RM: Yes I did, most all of our people who come to the shows are young. We also get a lot of University airplay so this helps. Plus, the fact that we are not really a jazz band. We are a mixture of many things. Playing rock clubs, galleries, culture centers and universities.
AAJ: Am I correct in saying that some of the current re-investigation of Miles Davis electric period inspired your own band and also solo concepts?
RM: I would listen to '70s Miles records for hours and hours in my room when I was 13, 14, 15 years old. The last 8 years I have hardly listened to this music at all. I think sound that has been developed in the last years has been way more influenced by "music concrete" people like Francois Bayle and Luc Ferrari; Pierre Henry, etc... and also by Pan Sonic, Autechre, Kevin Drumm, Fennesz, Jim O'Rourke, Peter Rheberg, Tortoise, Miko Vanino, Carston Nicola, etc..., at least from my own perspective.
I can't listen to Miles anymore. I love it too much. There has been no re-investigation on my part of electric Miles.
AAJ: What was it like coming up initially playing hard bop with Chicago legends like Lin Halliday and young upstarts - Eric Alexander in contrast to hitting with the "outcats"?
RM: I actually lived with Lin Halliday for a while and hanging out, learning and playing with him was a fantastic experience. Playing jazz early on was really a challenge for me. It doesn't contrast with the things I would do with Chicago Underground ( Slon review). I shortly after made a pretty much complete cut from that strategy of playing. Of course it took quite some time before I could wrap my head around what I was looking for. It still is an incredible struggle to understand what it is you really want. I am always developing and always in this state of becoming. Visualization is so important at this stage of my career. I am still trying to find out what is not there.
AAJ: Do each of your projects (Isotope 217, Chicago Underground Orchestra) embody a different conceptual idea?
RM: The concepts come from the collective and then we refine them. Each unit has its own set of mind power. Of course each set of brains will work differently based on experience, etc..., depending on people's moods and influences and such at a given time. Yes, each unit has its own set of concepts and sounds. Nothing is concrete, it is always shifting. I compare it to an organic stream of information.
AAJ: Now that you live in Brazil, do you plan on continuing your musical associations, such as the Chicago Underground?

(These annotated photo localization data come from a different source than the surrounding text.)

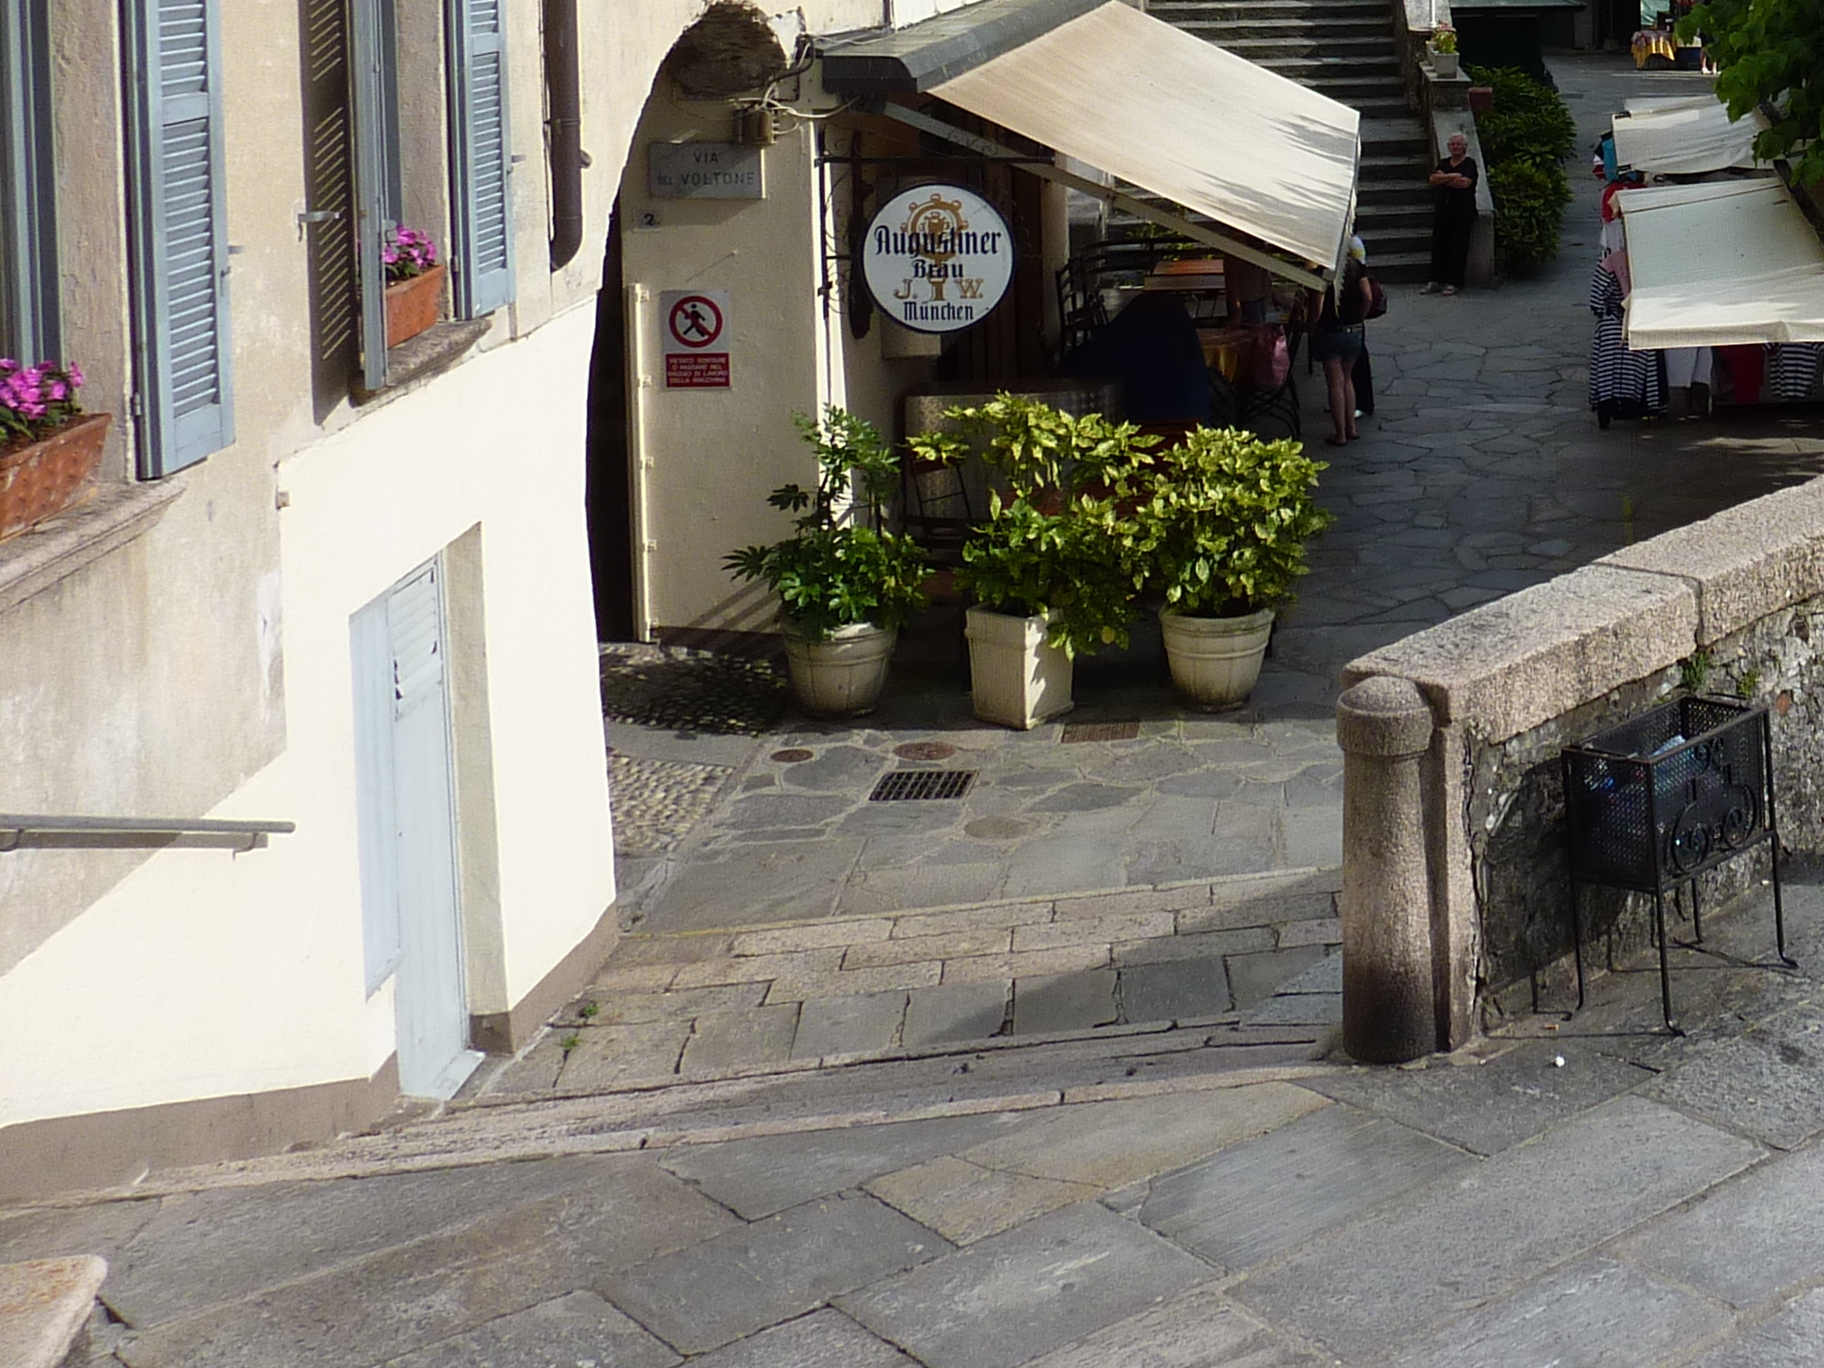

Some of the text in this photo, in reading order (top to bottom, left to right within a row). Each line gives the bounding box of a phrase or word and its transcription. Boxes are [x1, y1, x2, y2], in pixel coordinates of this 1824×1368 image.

[694, 152, 719, 163] VIA
[681, 172, 755, 185] VOLTONE
[644, 213, 655, 226] 2
[874, 225, 1002, 258] Augustiner
[903, 301, 974, 320] München
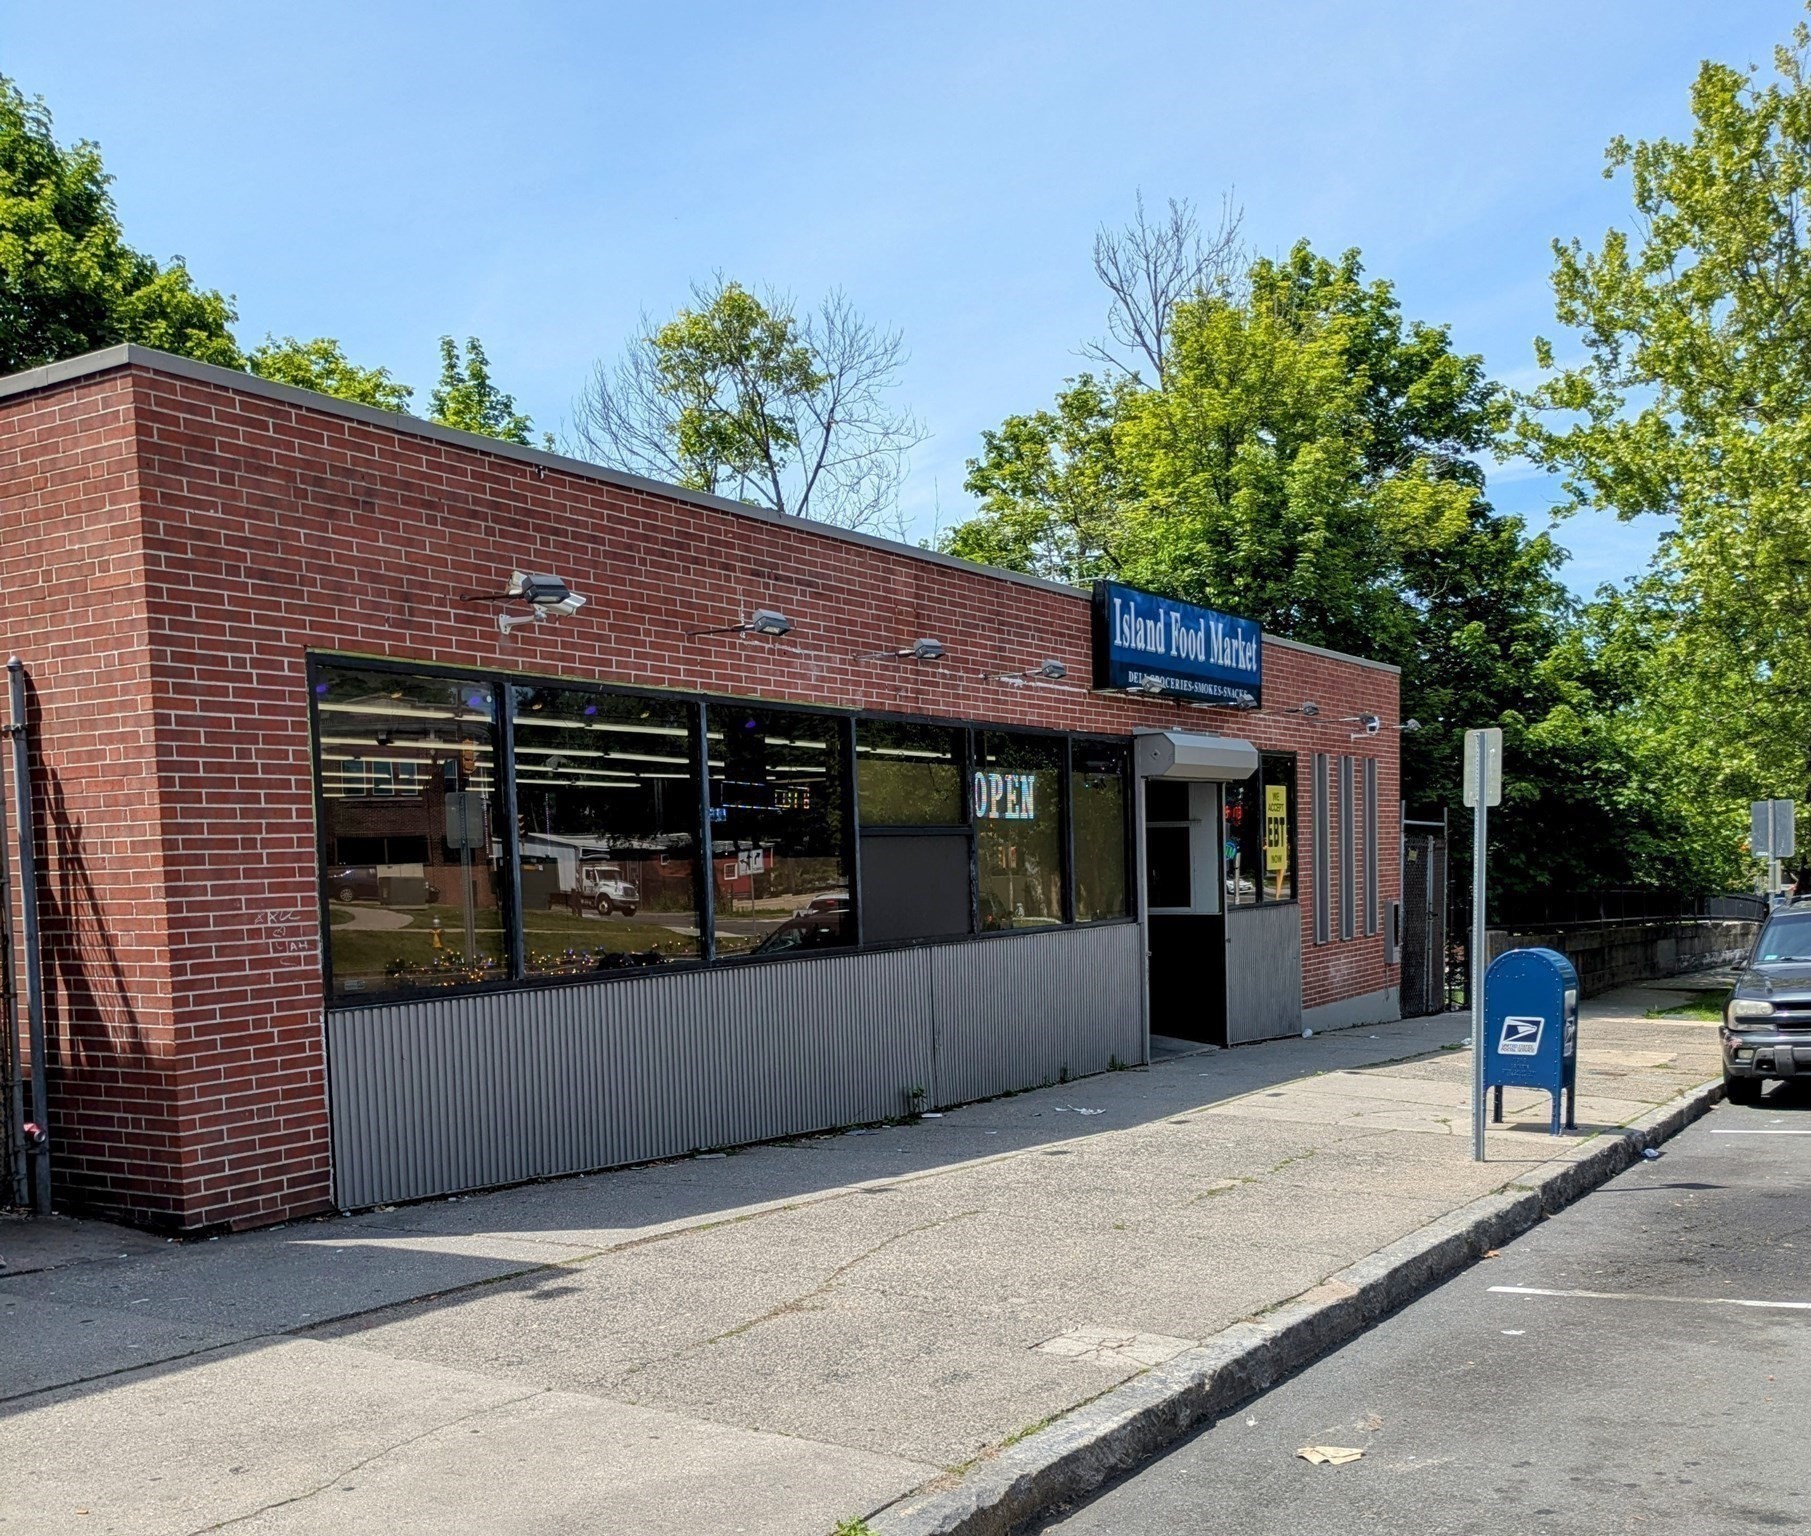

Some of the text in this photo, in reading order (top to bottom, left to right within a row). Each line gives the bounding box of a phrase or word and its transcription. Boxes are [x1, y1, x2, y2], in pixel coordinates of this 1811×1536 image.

RM: Oh yes! The Underground tours year round and we have concepts for at least two more recordings. I plan on continuing associations with everybody regardless of locale. Chad lives in New York, Jeff lives in Chicago, Noel resides in Bordeaux, and I am now in Brasilia. This should make for a very interesting clash when we pool our thoughts and experiences in the various ways we correspond both musically and non-musically. Also, my association with Thrill Jockey and Delmark records; along with Michael Orlove at the Chicago Cultural Center, The Empty Bottle, Soma - will of course go on. Distance does not seem to be a problem in this age of information.
AAJ: Do you agree with New York Times critic, Adam Shatz's assessment that Chicago jazz is divided along racial lines - the South side is predominantly black; the North side is primarily white? Further, please comment if you agree that your work with Jeff Parker is one of the few examples of border crossing?
RM: I personally would rather not talk in these terms. I think border crossing happens with anybody or anything you allow in your life. If I wanted to correspond with anybody from anywhere I would do it and I do do it. Every person has a unique and complicated psychology that they need to deal with. The real borders are in the head.